„Wir sind kein islamisches Land“, betont Muzaffar Khodjayevga, der Reiseleiter unserer 13köpfigen Gruppe, die mit einem Bus eine 10tägige Rundreise durch Uzbekistan macht. Heißt, das Land, die Politik und die Leute sind tolerant gegenüber anderen Religionen, die rund 32 Millionen Einwohner dieses großen Landes sind zwar zu fast 90 vh Moslems, aber sie sind nicht islamistisch, sie sind nicht fanatisch, sie kennen den Koran, sie sind gläubig, sie pflegen ihre Moscheen, aber sie tragen keinen Schleier, sie trinken Alkohol(das einheimische Bier schmeckt gut, der Wein ist oft süß) und sogar Schweinefleisch ist hier in Zentralasien erlaubt. In Samarkand stehen zwei Kirchen anderer Religionen beinahe einträchtig nebeneinander: die eine für die russisch-orthodoxen Christen und das andere Gotteshaus für die Katholiken, das gerade renoviert wird.
Warum Uzbekistan, warum fahrt Ihr dahin? Lautete eine der meist gestellten Fragen im Vorfeld der Reise. Vielleicht, weil wir im letzten Jahr eine ähnliche Reise durch den benachbarten Iran gemacht haben und schon dort auf der alten Route der einstigen Seidenstraße gewesen sind, weil uns schon dort die Moscheen und Minarette verzaubert haben. Der Mythos Seidenstraße, rund 4600 Kilometer oder sechs Flugstunden von Deutschland entfernt, jener historischen und legendären Verbindung zwischen China und Europa, auf der vor einigen Tausend Jahren Waren transportiert wurden, ins Reich der Mitte und von dort in Richtung Abendland, Seide, Gewürze, Teppiche und vieles andere mehr. Diese Seidenstraße, so wird erzählt, soll in der fernen Zukunft richtig ausgebaut werden. Man stelle sich das mal vor, wenn man mit dem Auto auf einer Art Autobahn diese Strecke würde fahren können- also quasi von Bonn bis Peking.
Mitten in der Wüste historische Gebäude
Unsere Reise mit dem Bonner Veranstalter Phönix und unter sachkundiger Führung des Uzbeken Muzaffar, den wir einfacherweise Musa nennen dürfen, der selber aus dem Ort Chiva stammt und in Taschkent verheiratet ist, beginnt in der Hauptstadt Taschkent, wo aber nach einer kurzen Nachtruhe der Flieger uns Richtung Westen fliegt nach Urchench.
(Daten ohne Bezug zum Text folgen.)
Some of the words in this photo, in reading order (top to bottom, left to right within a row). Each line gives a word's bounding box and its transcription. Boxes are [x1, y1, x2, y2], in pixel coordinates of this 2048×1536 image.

Von dort geht es mit dem Bus nach Chiva, das mitten in der Wüste liegt. Dort, in der 2500 Jahre alten Stadt startet die eigentliche Erkundungsreise. Chiva wird dominiert durch das 28 Meter hohe „Stummelminarett“ und von einem wuchtigen Festungswall aus Lehm, mehrere Meter hoch, durch eines von vier gewaltigen Toren gelangen wir ins Innere dieser Kleinstadt, die zum Unesco-Weltkulturerbe gehört. Historische Gebäude prägen diesen Ort, das Mausoleum, die Medrese(Koranschule), das Minarett, die Karawanserei.
Man kann den Ort zu Fuß besichtigen und passiert die alten Gräber, in die die Leichen der Toten einst mit einem weißen Leintuch gelegt worden sind, Fahnenstangen machen schon aus der Ferne auf diese Gräber aufmerk-sam. Ein paar Meter weiter werden wir zu einer Brotpause eingeladen. Einheimische Frauen backen Fladenbrot und bieten es uns warm an. Kleine Werkstätten mit feinsten Holzschnitzereien fallen auf, es sind bescheidene Verhältnisse, in denen die Menschen hier leben. Sie wirken zufrieden und fröhlich.
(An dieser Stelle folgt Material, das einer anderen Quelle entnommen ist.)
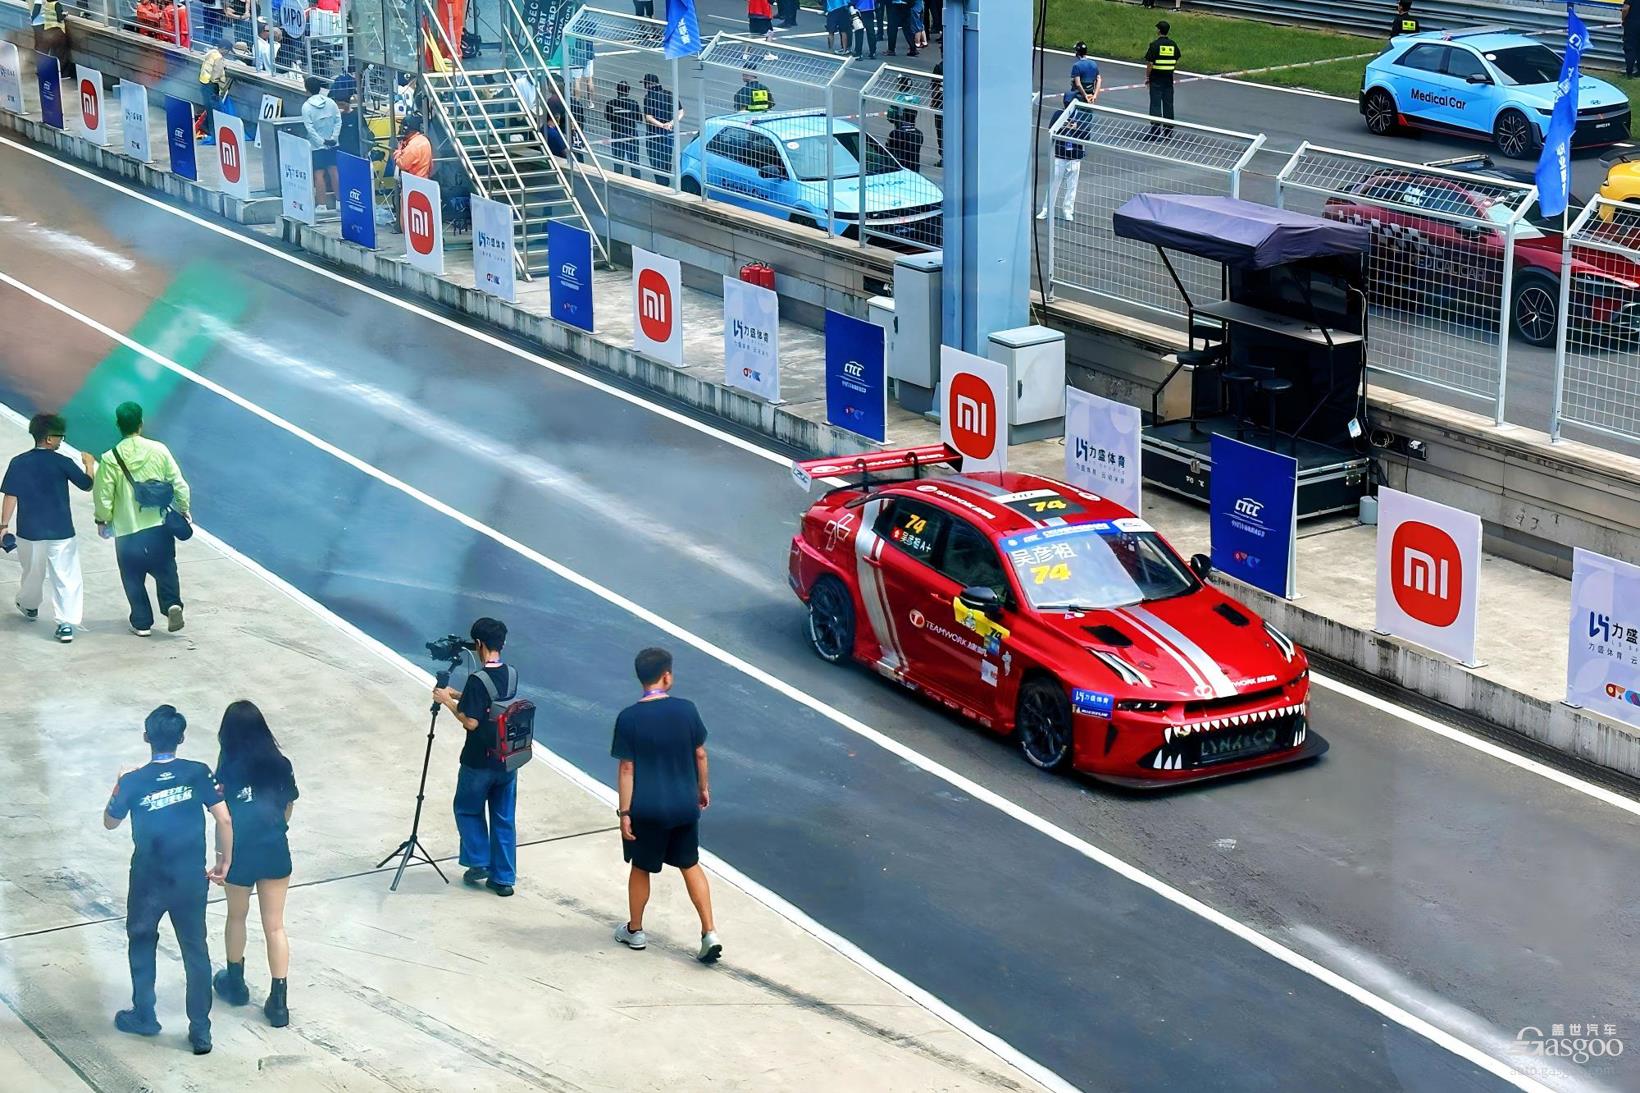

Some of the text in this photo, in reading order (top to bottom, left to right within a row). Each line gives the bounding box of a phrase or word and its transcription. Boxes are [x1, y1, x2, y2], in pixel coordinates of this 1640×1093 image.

[1411, 88, 1467, 110] Medical Car
[844, 362, 862, 377] CTCC
[1089, 445, 1126, 469] 力盛体育
[1028, 499, 1067, 513] 74
[1235, 499, 1261, 517] CTCC
[904, 514, 927, 534] 74
[1009, 542, 1078, 567] 吴彦祖
[1030, 562, 1072, 585] 74
[925, 620, 967, 647] TEAMWORK
Einen Tag lang dauert die Busfahrt mitten durch die Wüste nach Buchara, dem nächsten Ort der Tour oder soll man besser sagen der Tortour, weil die Straße voller Unebenheiten und Löcher und Risse ist, oft einer Schotterpiste gleicht. Der Reisende wird durch- und durchgeschaukelt, das Kreuz und die dazu gehörende Bandscheibe leiden mit. Aber Buchara entschädigt, das kleine, intime Hotel in der Altstadt mit dem schönen Innenhof ist ein Schmuckstück, nur ein Fußweg von den historischen Stätten und den Straßen mit den Händlern entfernt.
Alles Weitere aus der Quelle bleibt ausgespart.